Microfluidic Sonication To Assemble Exosome Membrane-Coated Nanoparticles for Immune Evasion-Mediated Targeting
journal contributionposted on 11.10.2019, 12:34 by Chao Liu, Wei Zhang, Yike Li, Jianqiao Chang, Fei Tian, Fanghao Zhao, Yao Ma, Jiashu Sun
Using natural membranes to coat nanoparticles (NPs) provides an efficient means to reduce the immune clearance of NPs and improve their tumor-specific targeting. However, fabrication of these drug-loaded biomimetic NPs, such as exosome membrane (EM)- or cancer cell membrane (CCM)-coated poly(lactic-co-glycolic acid) (PLGA) NPs, remains a challenging task owing to the heterogeneous nature of biomembranes and labor-intensive procedures. Herein, we report a microfluidic sonication approach to produce EM-, CCM-, and lipid-coated PLGA NPs encapsulated with imaging agents in a one-step and straightforward manner.
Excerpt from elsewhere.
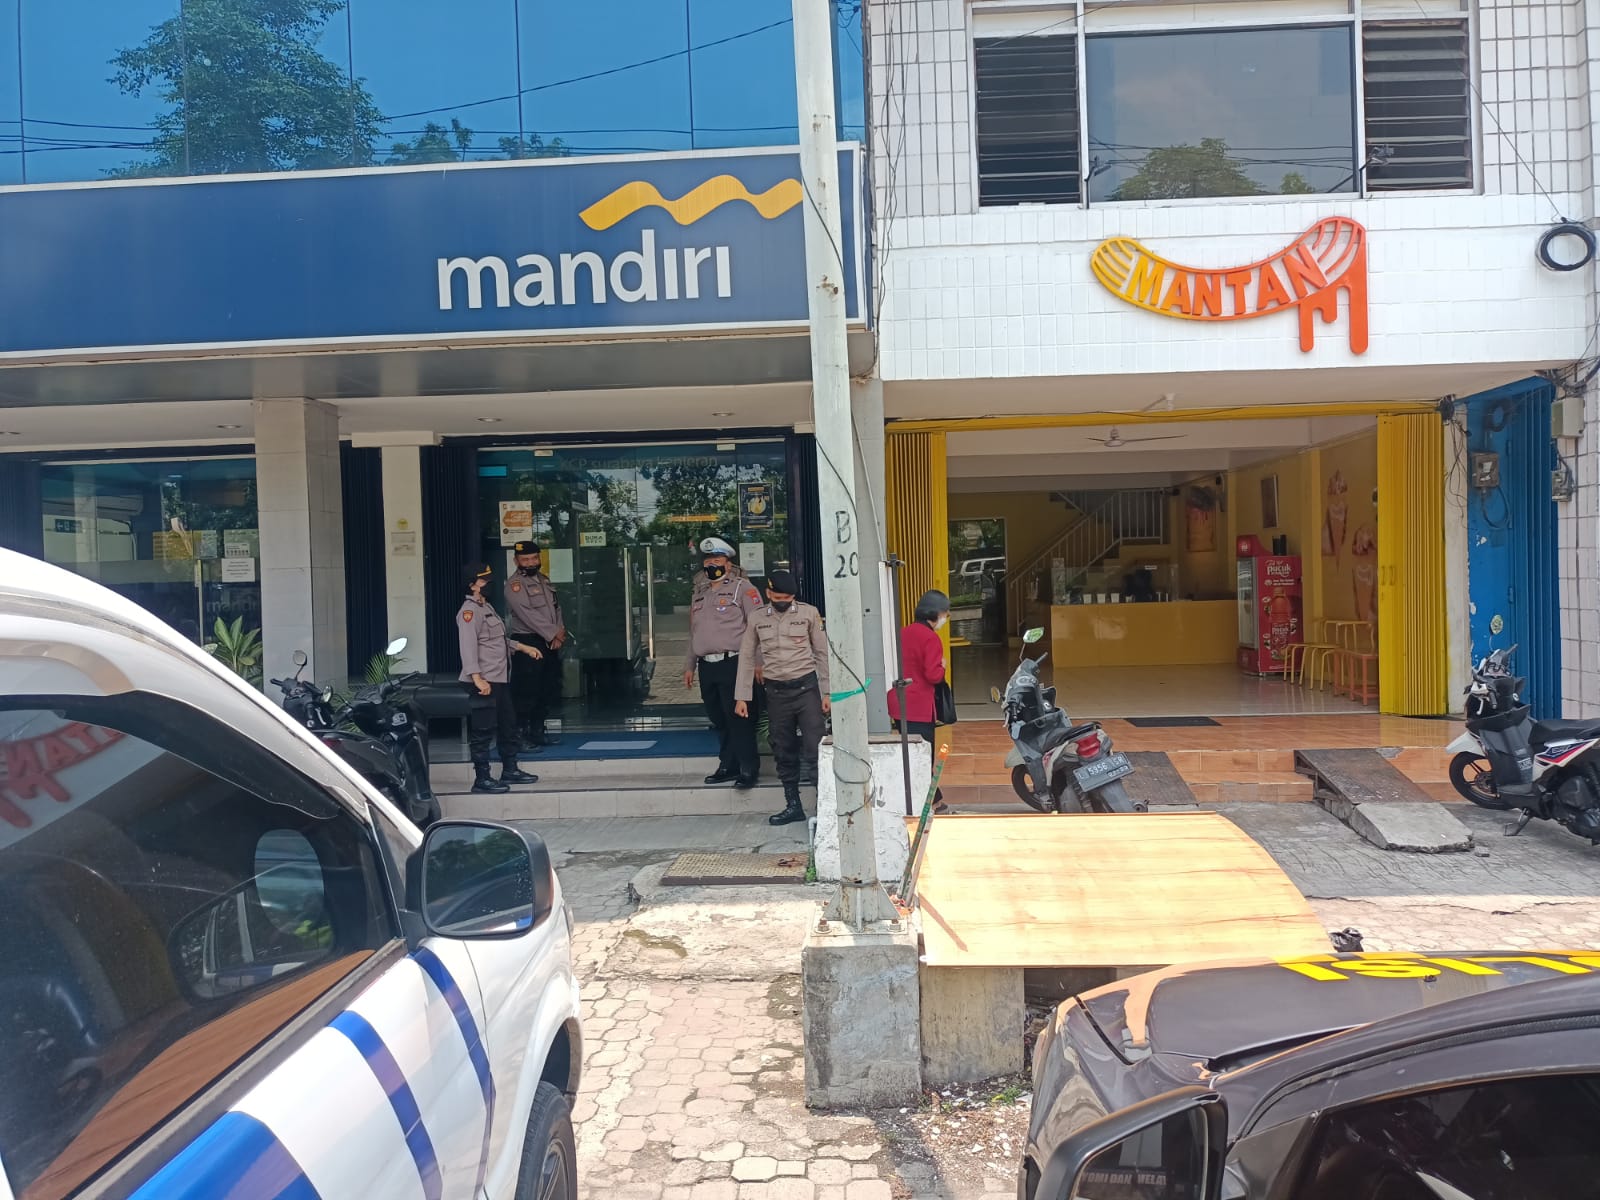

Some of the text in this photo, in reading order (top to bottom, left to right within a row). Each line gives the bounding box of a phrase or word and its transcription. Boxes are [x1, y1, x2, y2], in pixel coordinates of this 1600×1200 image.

[437, 228, 732, 311] mandiri
[1124, 243, 1328, 316] MANTAN
[834, 551, 859, 578] 20
Tumor cell-derived EM-coated PLGA NPs consisting of both endosomal and plasma membrane proteins show superior homotypic targeting as compared to CCM-PLGA NPs of similar sizes and core–shell structures in both in vitro and in vivo models. The underlying mechanism is associated with a significantly reduced uptake of EM-PLGA NPs by macrophages and peripheral blood monocytes, revealing an immune evasion-mediated targeting of EM-PLGA NPs to homologous tumors. Overall, this work illustrates the promise of using microfluidic sonication approach to fabricate biomimetic NPs for better biocompatibility and targeting efficacy.